Il centrocampista della Lazio Danilo Cataldi ha ottenuto un 5.5 dalla Gazzetta dello Sport per la sua prestazione nella vittoria delle biancocelesti contro il Napoli del 15 aprile, con il verdetto del giornale — "è lento" — che va controcorrente rispetto a un risultato che ha mandato le ambizioni Scudetto del Napoli in caduta libera e ha scatenato il ritorno dell'hashtag #ConteOut sui social media italiani.

La tensione in quella valutazione conta. La Lazio ha vinto. Cataldi è stato lento. Entrambe le cose sono vere, e il divario tra di esse è dove vive la sua stagione.

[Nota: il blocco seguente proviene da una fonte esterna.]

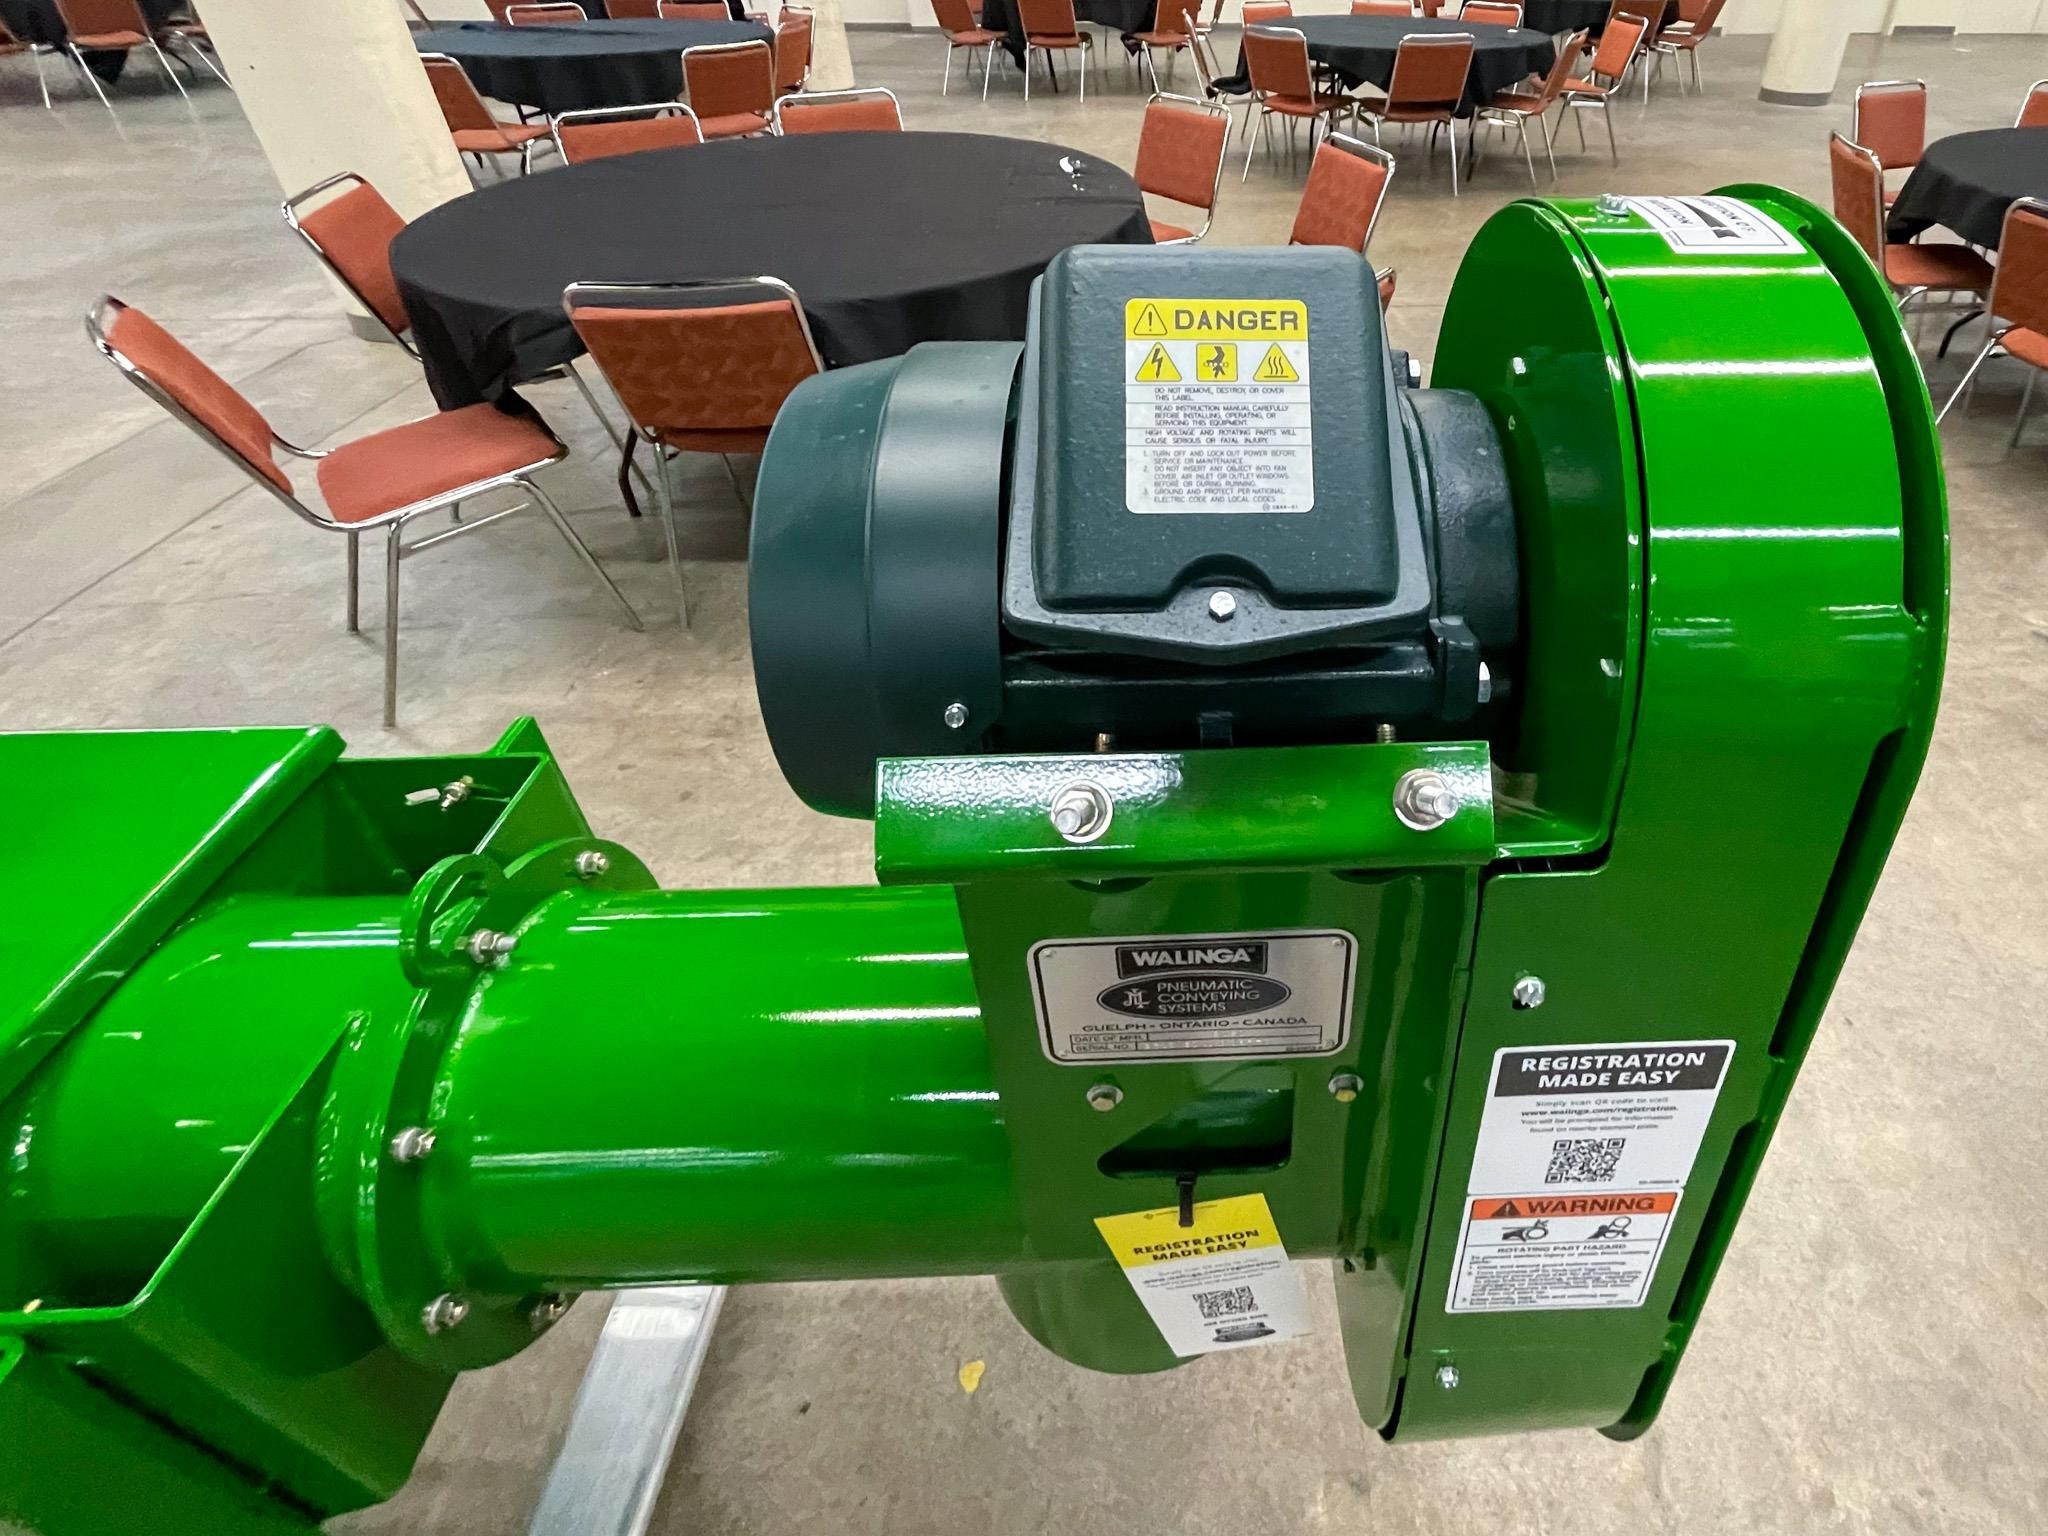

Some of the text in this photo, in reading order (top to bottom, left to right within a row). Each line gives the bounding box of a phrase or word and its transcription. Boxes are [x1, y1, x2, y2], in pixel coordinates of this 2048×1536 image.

[1175, 309, 1298, 331] DANGER
[1132, 947, 1252, 968] WALINGA
[1157, 979, 1254, 993] PNEUMATIC
[1157, 990, 1260, 1003] CONVEYING
[1158, 1002, 1227, 1014] SYSTEMS
[1082, 1023, 1146, 1032] GUELPH
[1160, 1020, 1230, 1030] ONTARIO
[1242, 1016, 1308, 1026] CANADA
[1075, 1044, 1109, 1052] SERIAL
[1521, 1052, 1706, 1073] REGISTRATION
[1538, 1070, 1681, 1089] MADE EASY
[1536, 1100, 1566, 1108] Simply
[1595, 1098, 1608, 1106] QR
[1611, 1097, 1634, 1105] code
[1528, 1197, 1655, 1213] WARNING
[1133, 1229, 1259, 1255] REGISTRATION
[1152, 1240, 1248, 1261] MADE EASY
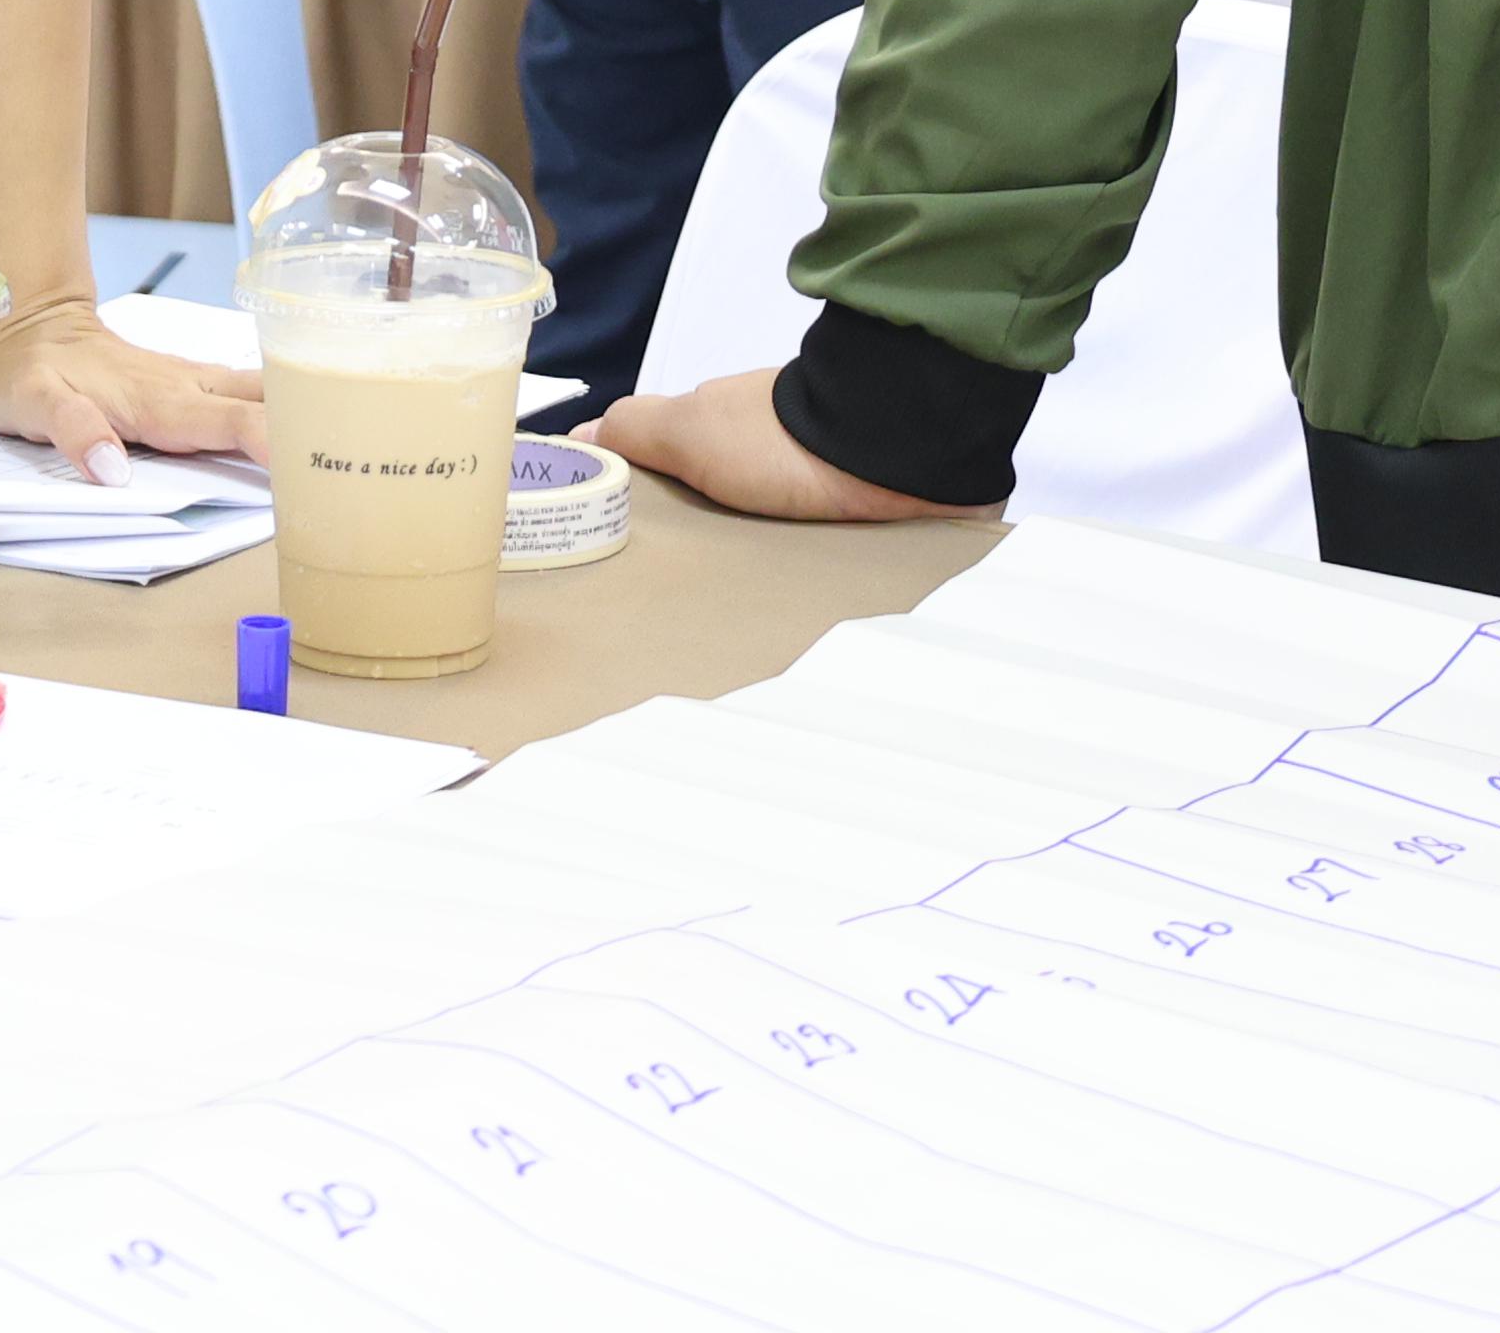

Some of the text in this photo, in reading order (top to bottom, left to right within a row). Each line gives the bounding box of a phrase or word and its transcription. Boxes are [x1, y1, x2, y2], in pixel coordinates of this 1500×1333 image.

[310, 451, 352, 472] Have
[360, 461, 371, 474] a
[380, 460, 417, 476] nice
[1393, 833, 1467, 867] 28
[1286, 856, 1380, 903] 27
[1152, 918, 1234, 958] 26
[903, 971, 1006, 1026] 24
[770, 1019, 859, 1071] 23
[625, 1059, 723, 1117] 22
[469, 1121, 547, 1179] 21
[282, 1179, 380, 1241] 20
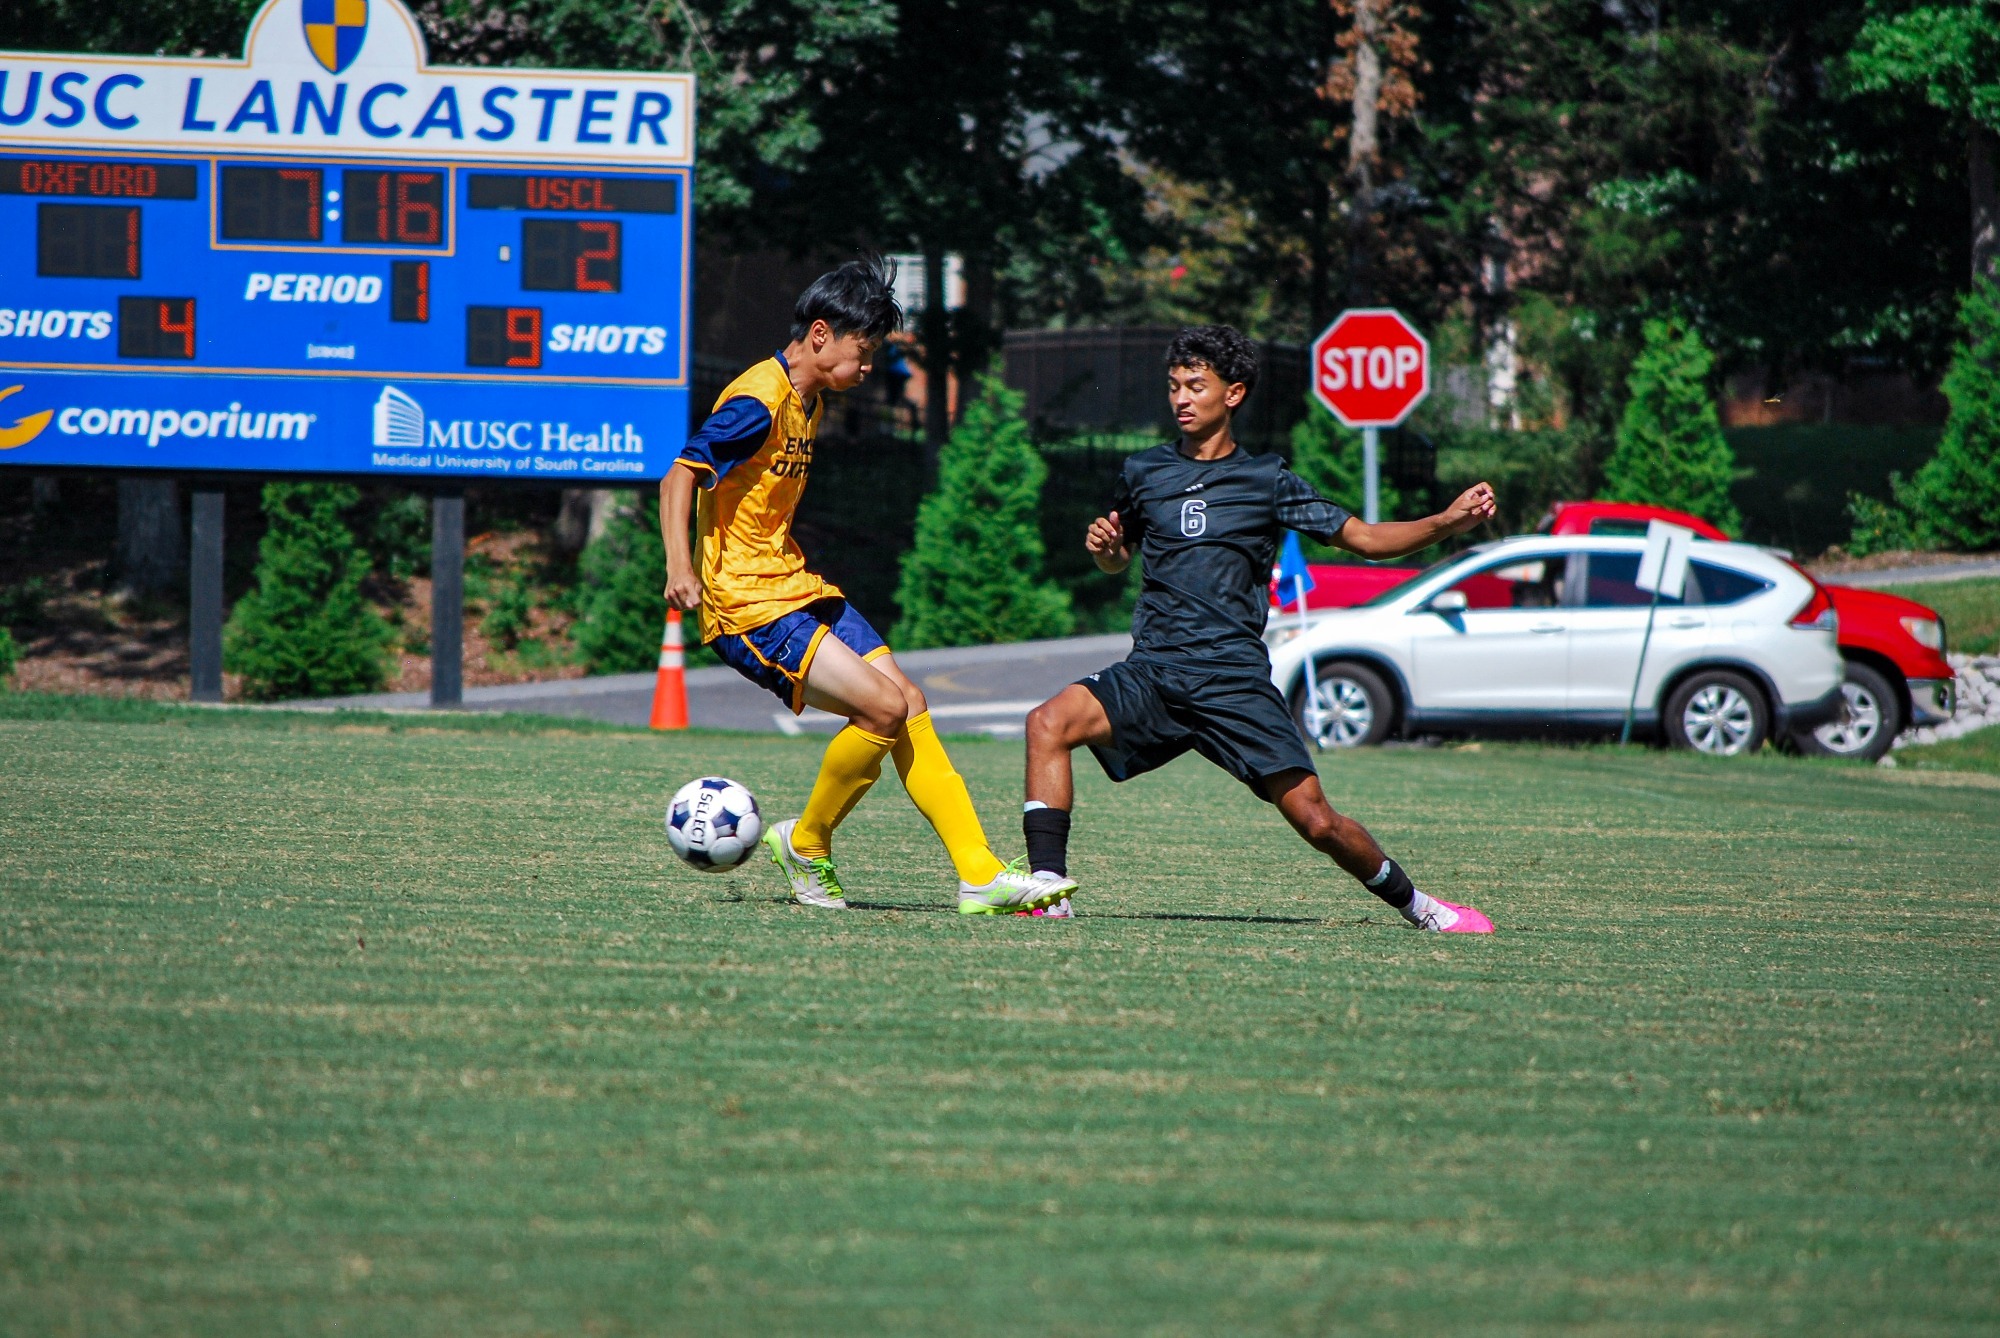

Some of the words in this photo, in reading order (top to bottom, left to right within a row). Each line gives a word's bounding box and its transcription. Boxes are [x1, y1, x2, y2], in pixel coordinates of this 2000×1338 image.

A 31 anni, Cataldi porta una valutazione media di 6.90 in 27 presenze in Serie A questa stagione — un numero che riflette un'adeguatezza coerente piuttosto che un'eccellenza coerente. Tre gol e tre assist in quelle 27 partite gli conferiscono un contributo offensivo modesto ma reale per un centrocampista difensivo, e la Lazio di Sarri occupa il nono posto con 47 punti da 33 partite, una posizione che non favorisce né la squadra né l'allenatore. La squadra ha pareggiato 11 volte, vinto 12 e perso 10. Quella colonna dei pareggi è la storia di una squadra che controlla senza convertire, che compete senza imporsi.

Cataldi è, in molti modi, l'incarnazione statistica di quella Lazio. Il suo punteggio complessivo di intelligenza artificiale di 72 su 100 lo contraddistingue come un centrocampista funzionale della Serie A; il suo potenziale massimo di 42 su 100 suggerisce che i dati non vedono alcuna traiettoria ascendente da qui. È quello che è, e quello che è stato utile — fino a, apparentemente, una notte al Maradona quando Lobotka, valutato 6.5 dalla stessa Gazzetta, lo ha superato sia in velocità che in influenza.

La squadra di Sarri ha quattro partite rimanenti per consolidare il nono posto. Se Cataldi le inizierà potrebbe dipendere meno da una valutazione negativa e più da se Sarri vede un'alternativa migliore nella rosa. I dati suggeriscono che il divario è più stretto di quanto i titoli implichino.